Speech disfluencies (DFs) are prevalent in spontaneous speech, and are among the characteristics distinguishing spontaneous speech from planned or read speech. DFs are one of many potential factors contributing to the relatively poor performance of state-of-the-art recognizers on this type of speech, e.g., as found in the Switchboard [2] corpus.
Past work on disfluent speech has focused on disfluency detection, using either acoustic features [7, 6] or recognized word sequences [1, 3]. Our goal in this work is to develop a statistical language model (LM) that can be used for speech decoding or rescoring, and that improves upon standard LMs by explicitly modeling the most frequent DF types.

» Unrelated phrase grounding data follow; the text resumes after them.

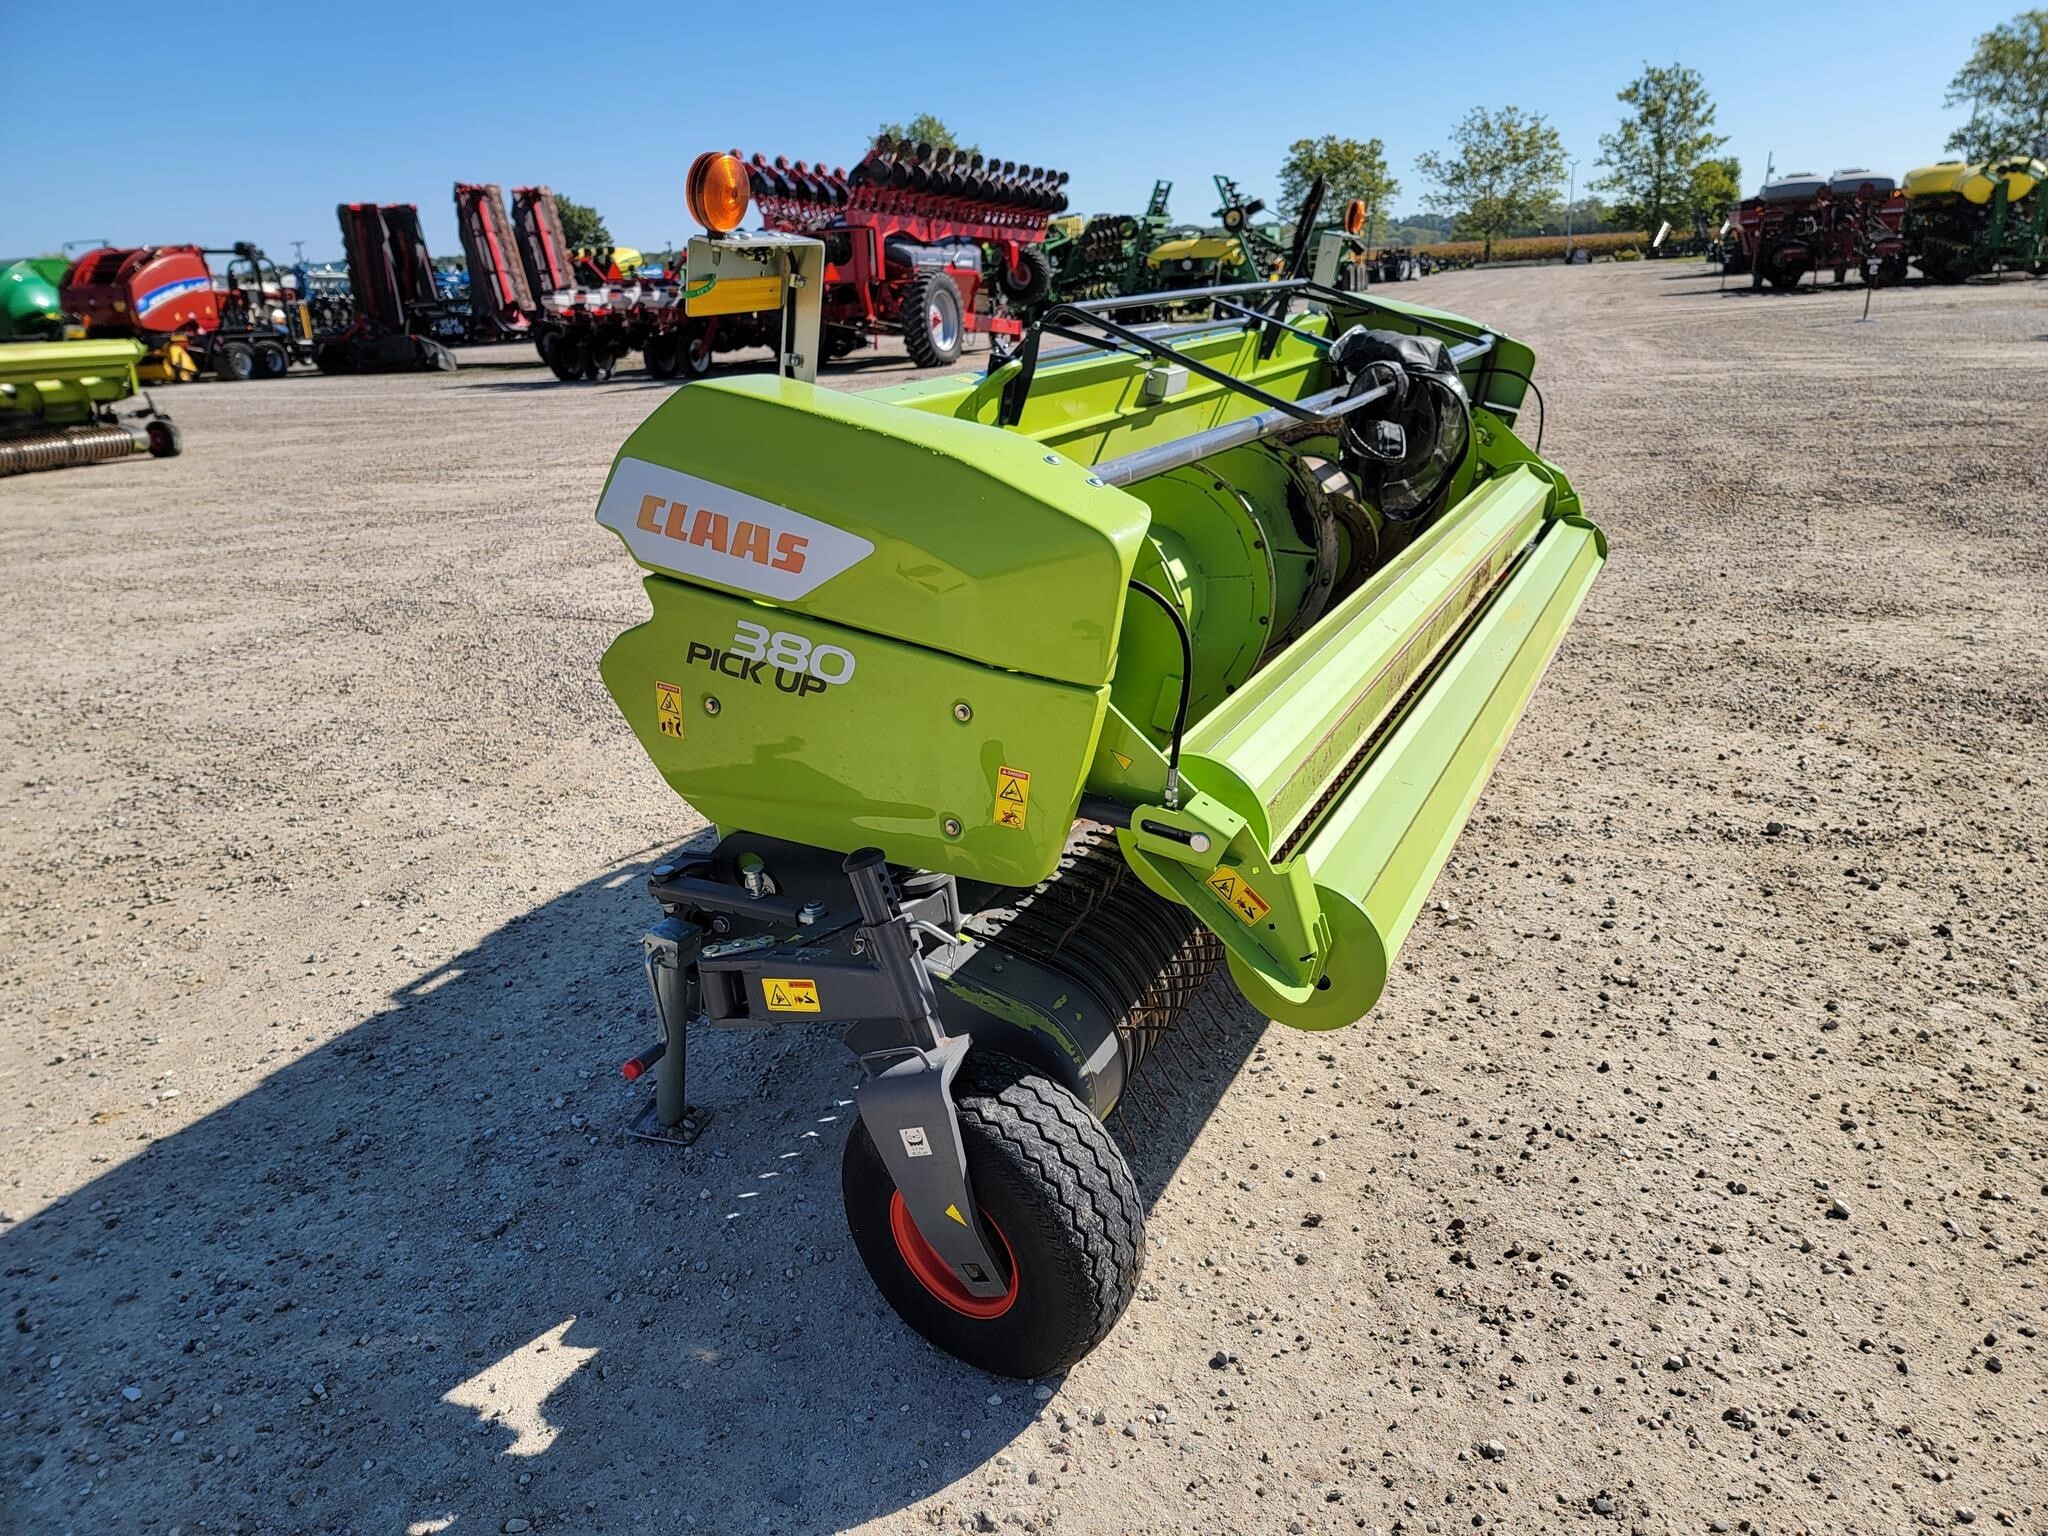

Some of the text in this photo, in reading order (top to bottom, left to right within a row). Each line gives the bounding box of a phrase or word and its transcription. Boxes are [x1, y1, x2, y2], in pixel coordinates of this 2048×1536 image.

[636, 494, 809, 574] CLAAS
[686, 641, 828, 697] PICK UP
[730, 619, 856, 685] 380
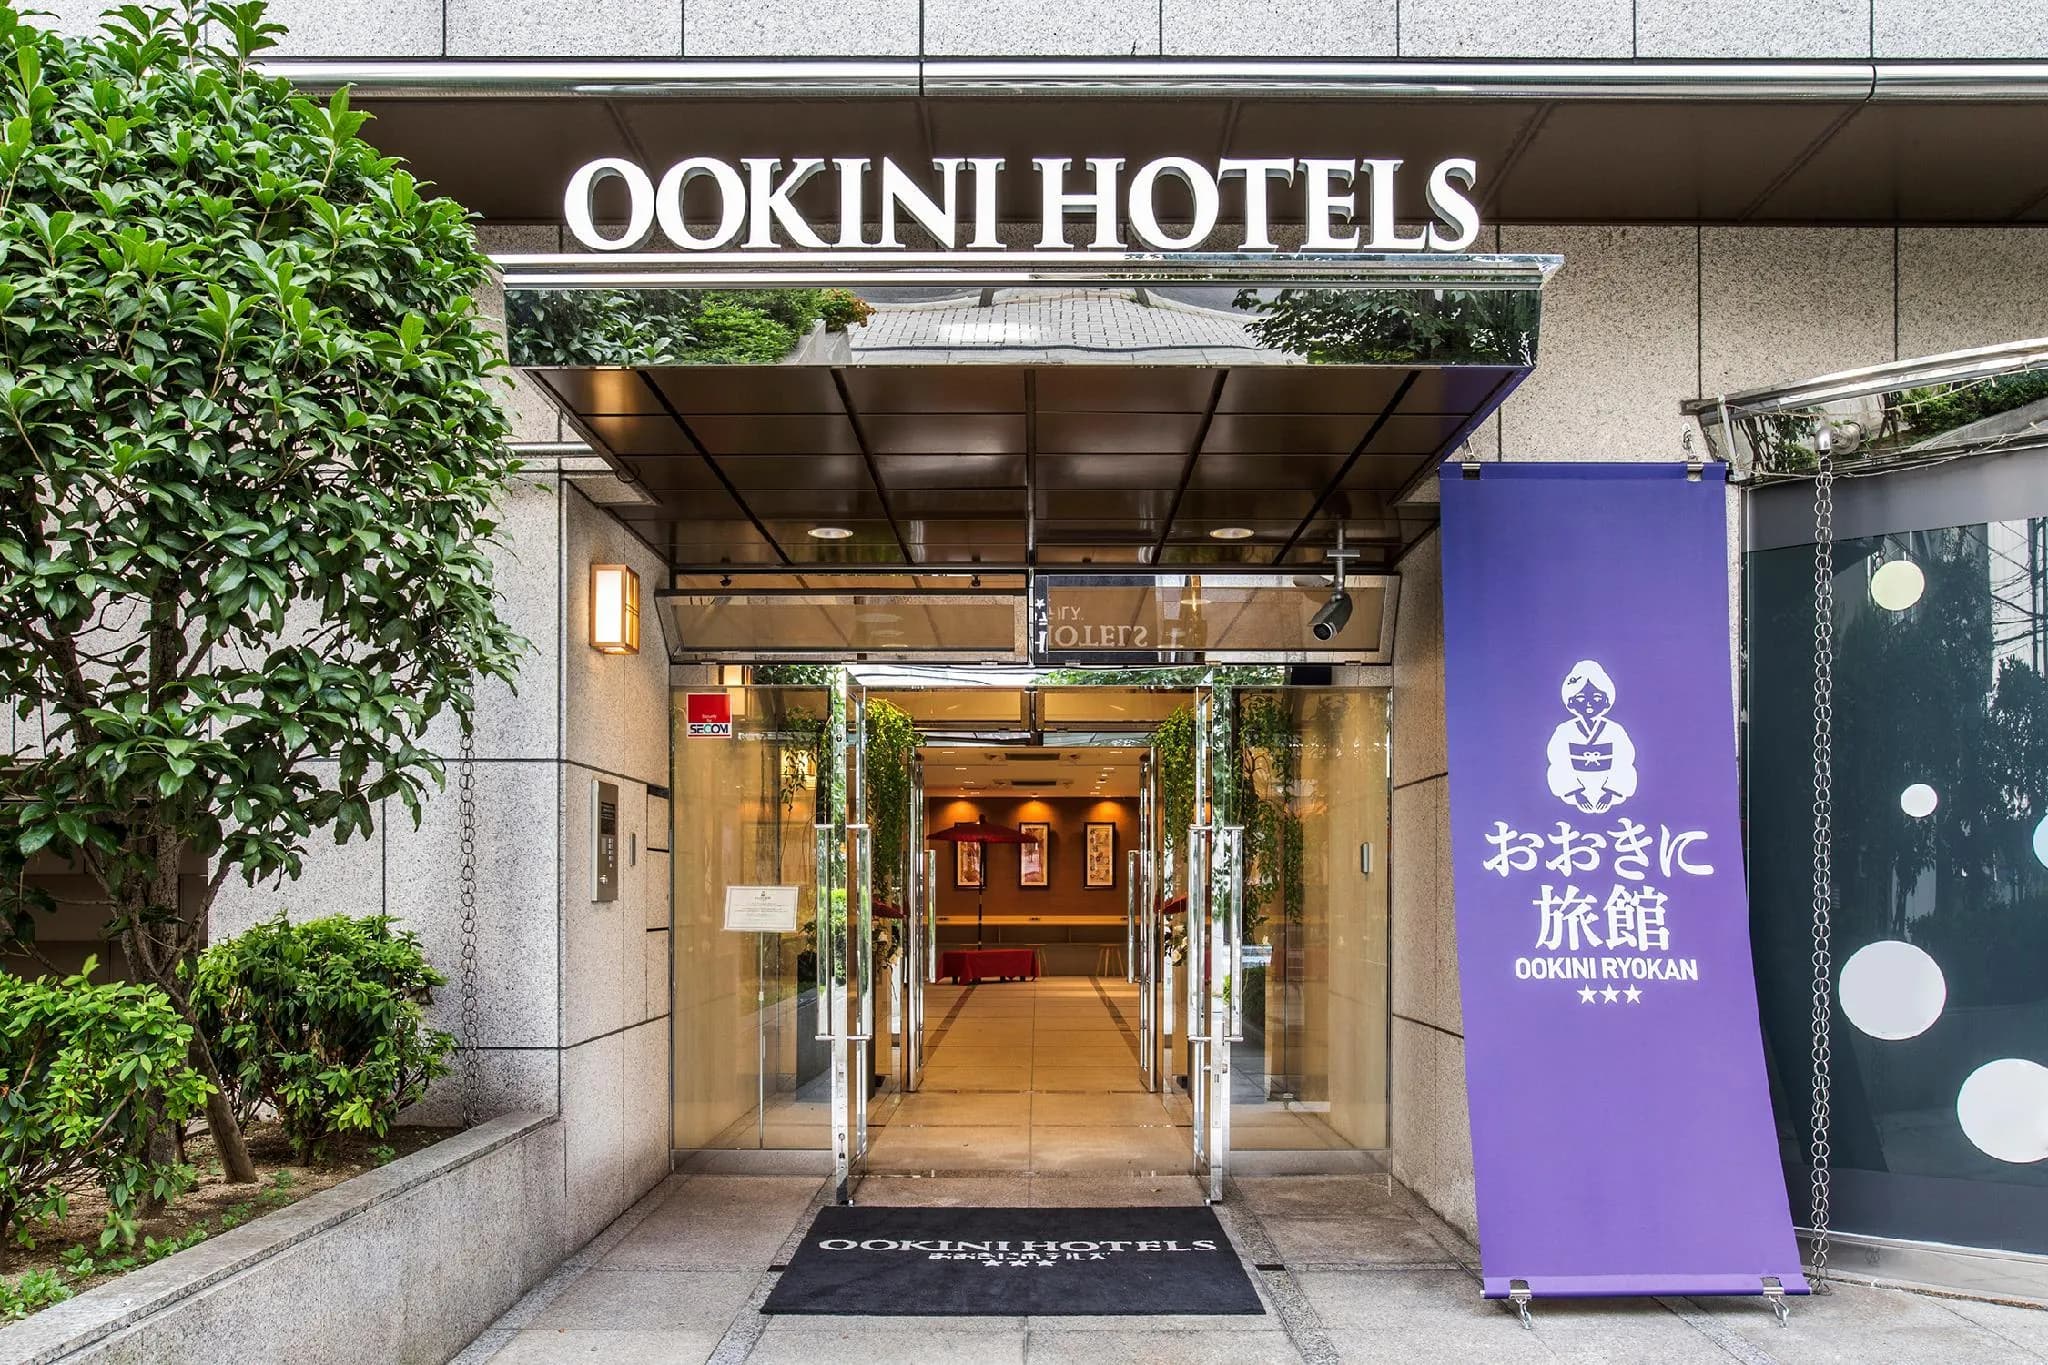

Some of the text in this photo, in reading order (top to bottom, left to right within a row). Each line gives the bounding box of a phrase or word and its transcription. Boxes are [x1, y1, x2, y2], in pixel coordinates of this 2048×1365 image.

[564, 156, 1479, 252] OOKINI HOTELS
[690, 724, 729, 734] SECOM
[1482, 817, 1715, 881] おおきに
[1532, 883, 1671, 951] 旅館
[1515, 957, 1699, 981] OOKINI RYOKAN
[818, 1239, 1217, 1252] OOKINI HOTELS

The main reason to expect that DF modeling can improve the LM is that standard N-gram models are based on word predictions from local contexts, which are rendered less uniform by intervening DFs. Other researchers have recently started exploring approaches to DF modeling based on similar assumptions [4, 8].
Section 2 describes a simple N-gram-style DF model, based on the intuition that DF events need to be predicted and edited from the context to improve the prediction of following words. Section 3 compares the DF model with a baseline LM, in terms of both perplexities and word error rates on Switchboard data. The emphasis is on a detailed analysis of the model at DF and following word positions. Section 4 provides a general discussion of the results.